RECORD EXTRACTS:
- Opening Delimiter -

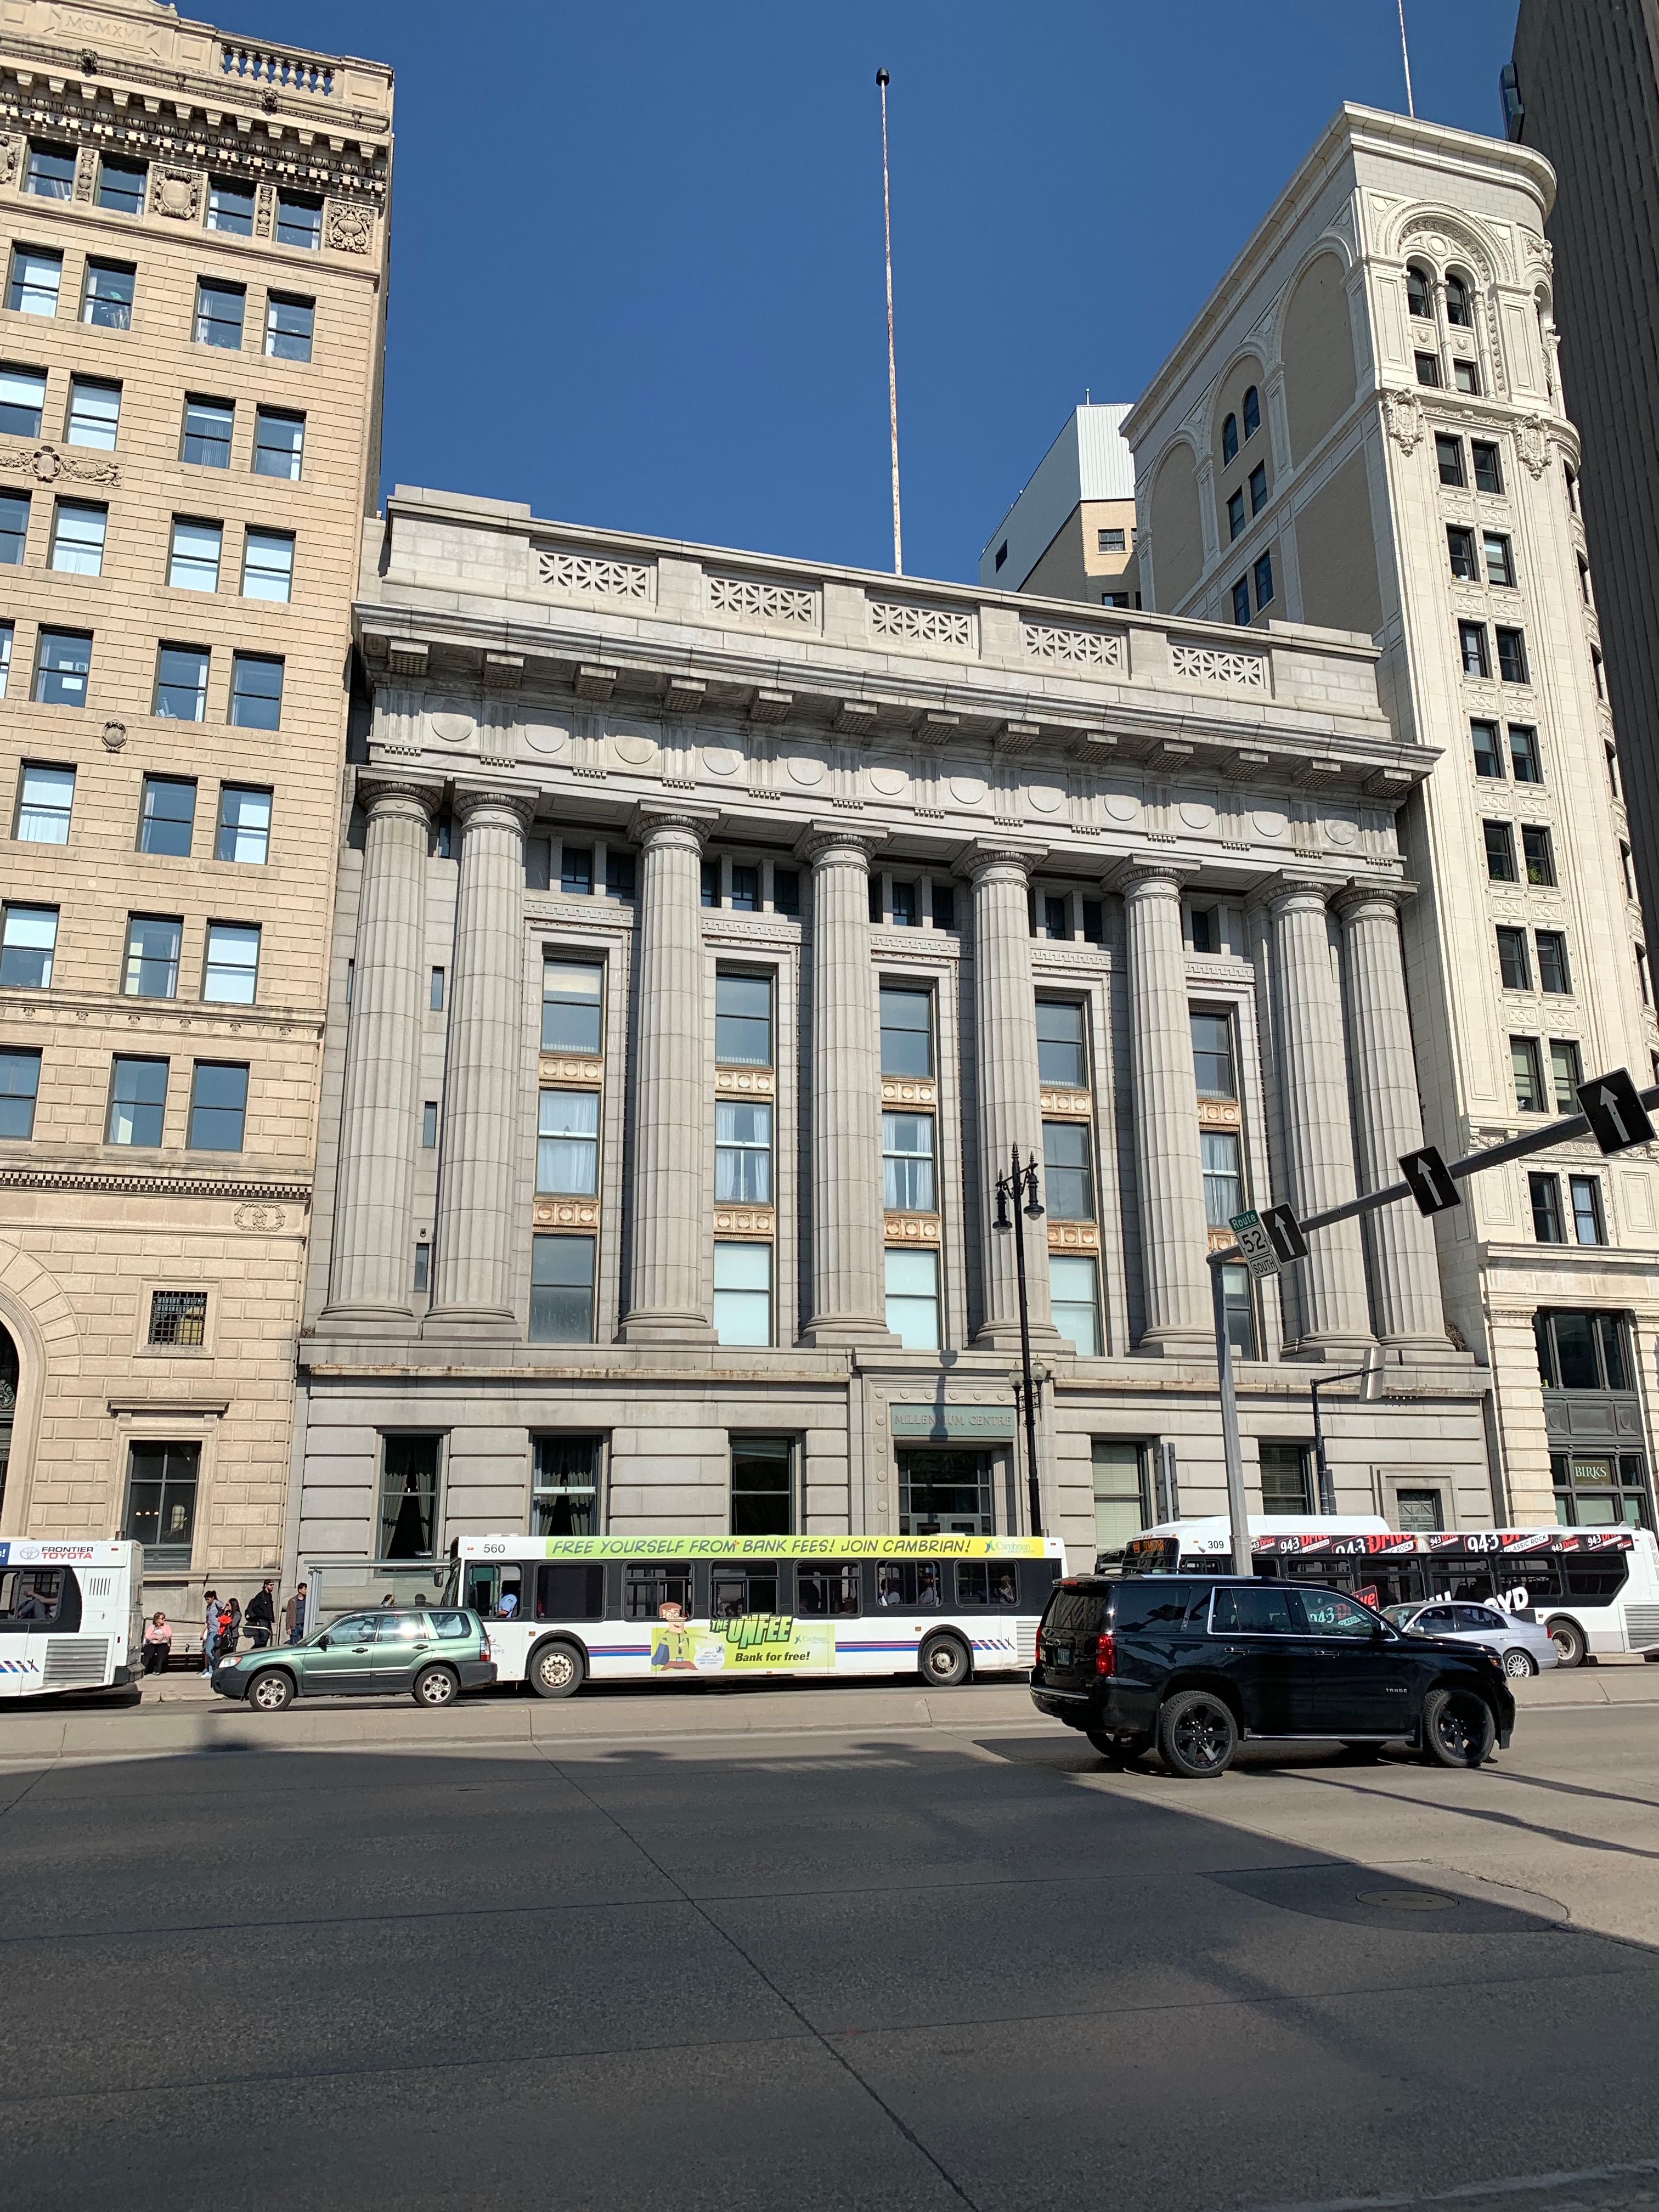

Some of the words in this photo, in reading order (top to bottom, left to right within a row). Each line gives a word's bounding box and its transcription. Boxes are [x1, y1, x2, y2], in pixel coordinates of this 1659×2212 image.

[65, 15, 141, 41] MCMXVI
[1232, 1214, 1256, 1229] Route
[1242, 1231, 1266, 1252] 52
[1253, 1259, 1276, 1274] SOUTH
[895, 1414, 964, 1425] MILLENNIUM
[969, 1416, 1012, 1426] CENTRE
[1575, 1466, 1607, 1480] BIRKS
[1208, 1541, 1224, 1549] 309
[1531, 1534, 1547, 1545] ROCK
[483, 1543, 506, 1554] 560
[552, 1541, 595, 1554] FREE
[600, 1540, 685, 1554] YOURSELF
[689, 1539, 736, 1554] FROM
[742, 1539, 787, 1553] BANK
[792, 1539, 835, 1553] FEES!
[841, 1539, 879, 1553] JOIN
[883, 1539, 971, 1553] CAMBRIAN!
[996, 1542, 1031, 1550] Cambrian
[1303, 1543, 1318, 1552] CLASSIC
[1396, 1543, 1412, 1553] ROCK
[710, 1620, 729, 1631] THE
[726, 1613, 793, 1649] UNFEE
[735, 1652, 763, 1662] Bank
[766, 1652, 782, 1661] for
[784, 1651, 810, 1661] free!
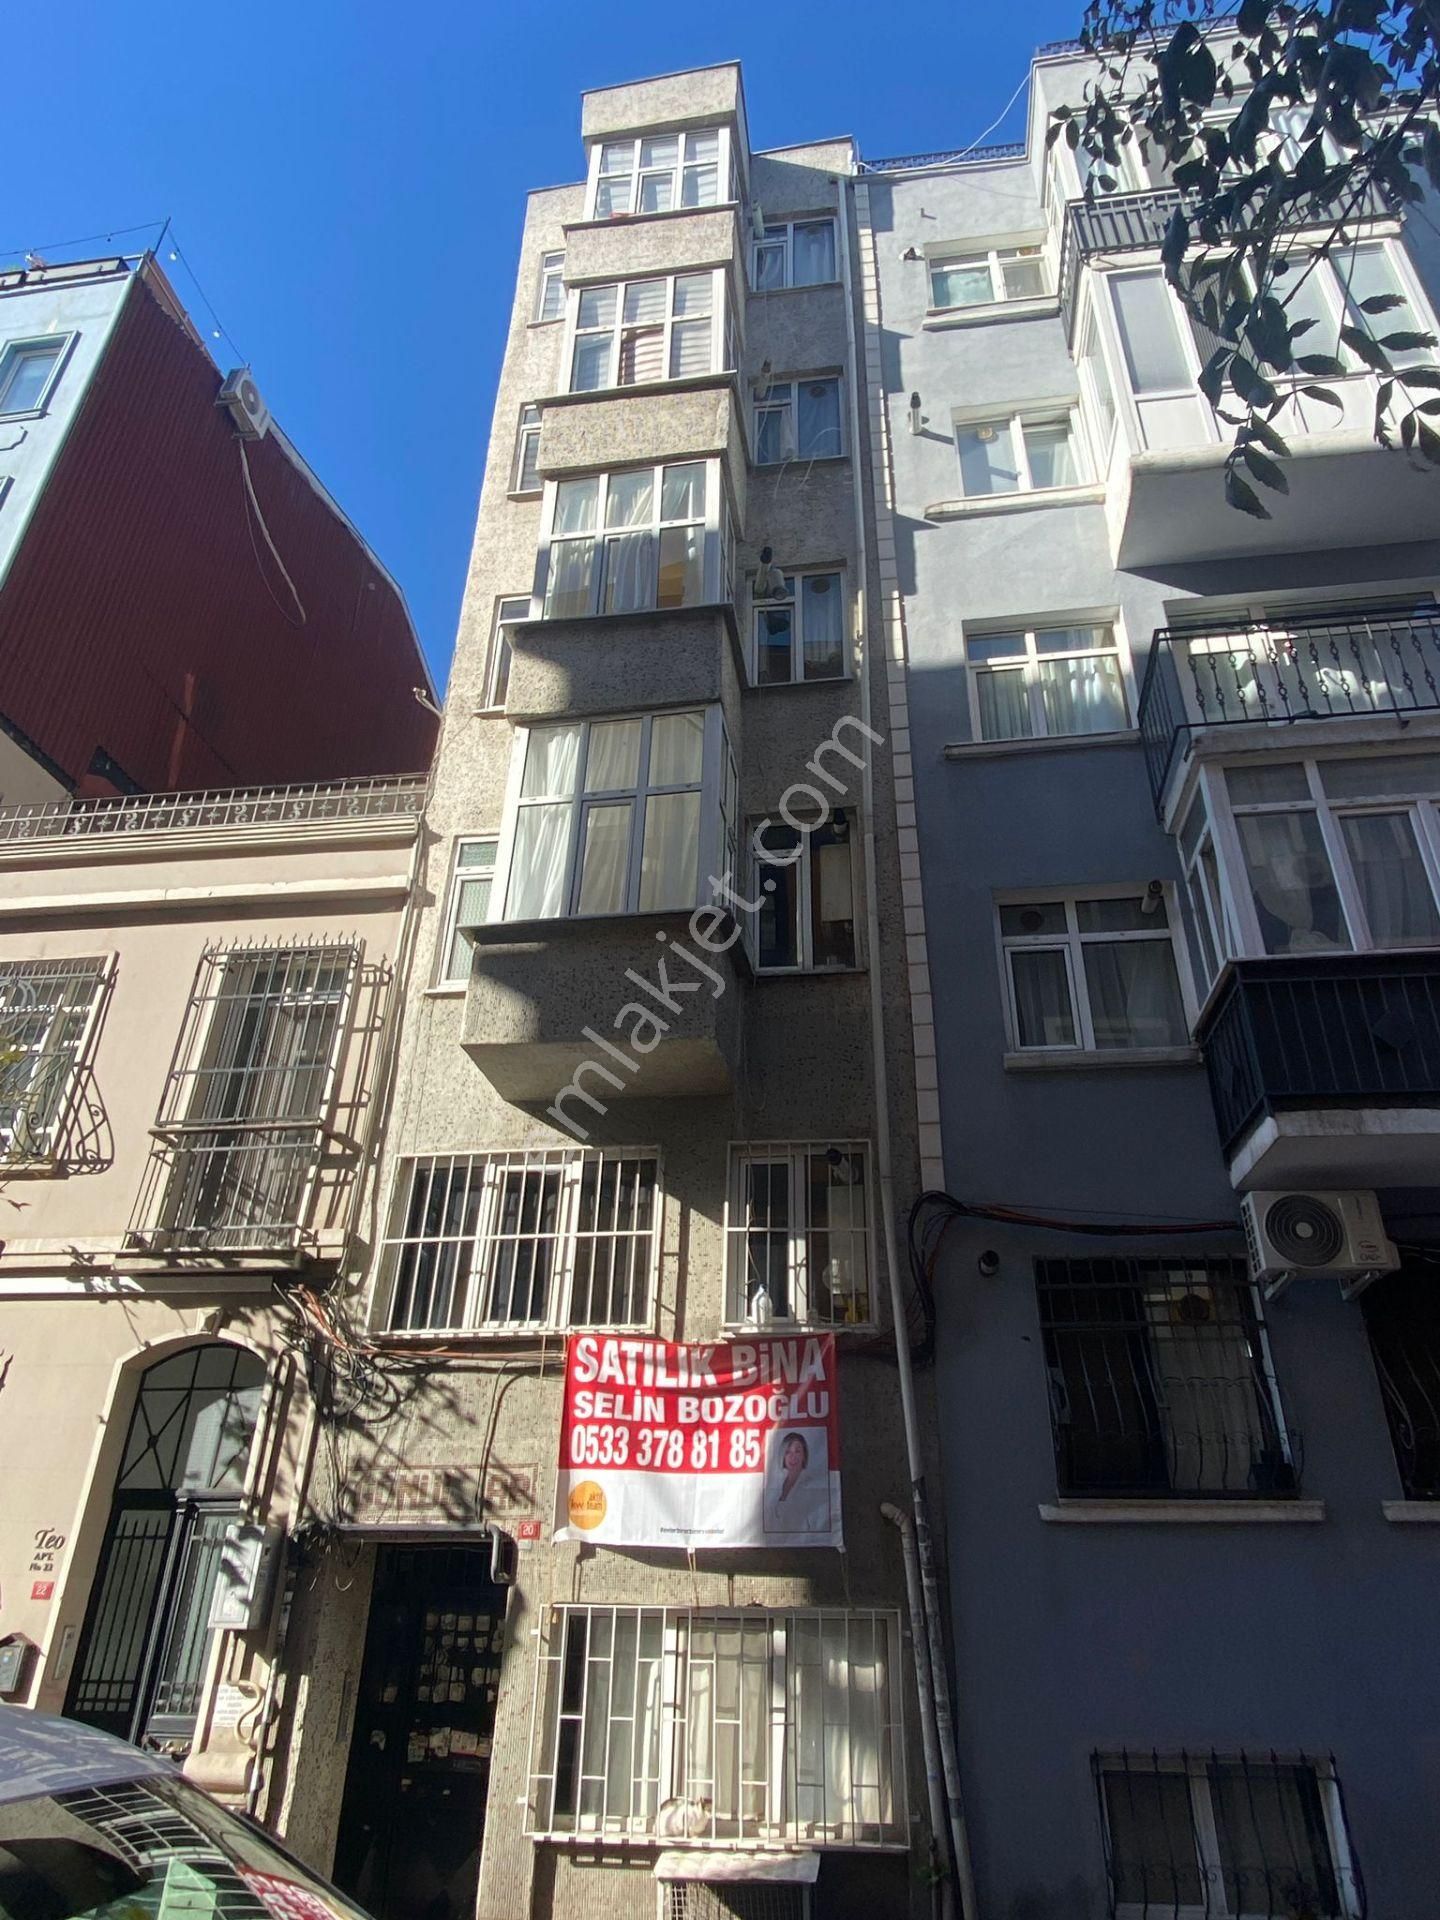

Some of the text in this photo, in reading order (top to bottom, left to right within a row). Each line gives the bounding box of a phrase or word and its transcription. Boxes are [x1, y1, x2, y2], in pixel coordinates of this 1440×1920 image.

- Closing Delimiter -

TO DO: Skip the pictures. Restate everything else in the records word for word.

OUTPUT FOR THIS TASK:
Some of the words in this photo, in reading order (top to bottom, left to right within a row). Each line gives a word's bounding box and its transcription. Boxes are [x1, y1, x2, y2], in pixel coordinates of this 1659×2212 image.

[65, 15, 141, 41] MCMXVI
[1232, 1214, 1256, 1229] Route
[1242, 1231, 1266, 1252] 52
[1253, 1259, 1276, 1274] SOUTH
[895, 1414, 964, 1425] MILLENNIUM
[969, 1416, 1012, 1426] CENTRE
[1575, 1466, 1607, 1480] BIRKS
[1208, 1541, 1224, 1549] 309
[1531, 1534, 1547, 1545] ROCK
[483, 1543, 506, 1554] 560
[552, 1541, 595, 1554] FREE
[600, 1540, 685, 1554] YOURSELF
[689, 1539, 736, 1554] FROM
[742, 1539, 787, 1553] BANK
[792, 1539, 835, 1553] FEES!
[841, 1539, 879, 1553] JOIN
[883, 1539, 971, 1553] CAMBRIAN!
[996, 1542, 1031, 1550] Cambrian
[1303, 1543, 1318, 1552] CLASSIC
[1396, 1543, 1412, 1553] ROCK
[710, 1620, 729, 1631] THE
[726, 1613, 793, 1649] UNFEE
[735, 1652, 763, 1662] Bank
[766, 1652, 782, 1661] for
[784, 1651, 810, 1661] free!

Some of the text in this photo, in reading order (top to bottom, left to right within a row). Each line gives the bounding box of a phrase or word and its transcription. Boxes are [x1, y1, x2, y2], in pixel coordinates of this 1440×1920 image.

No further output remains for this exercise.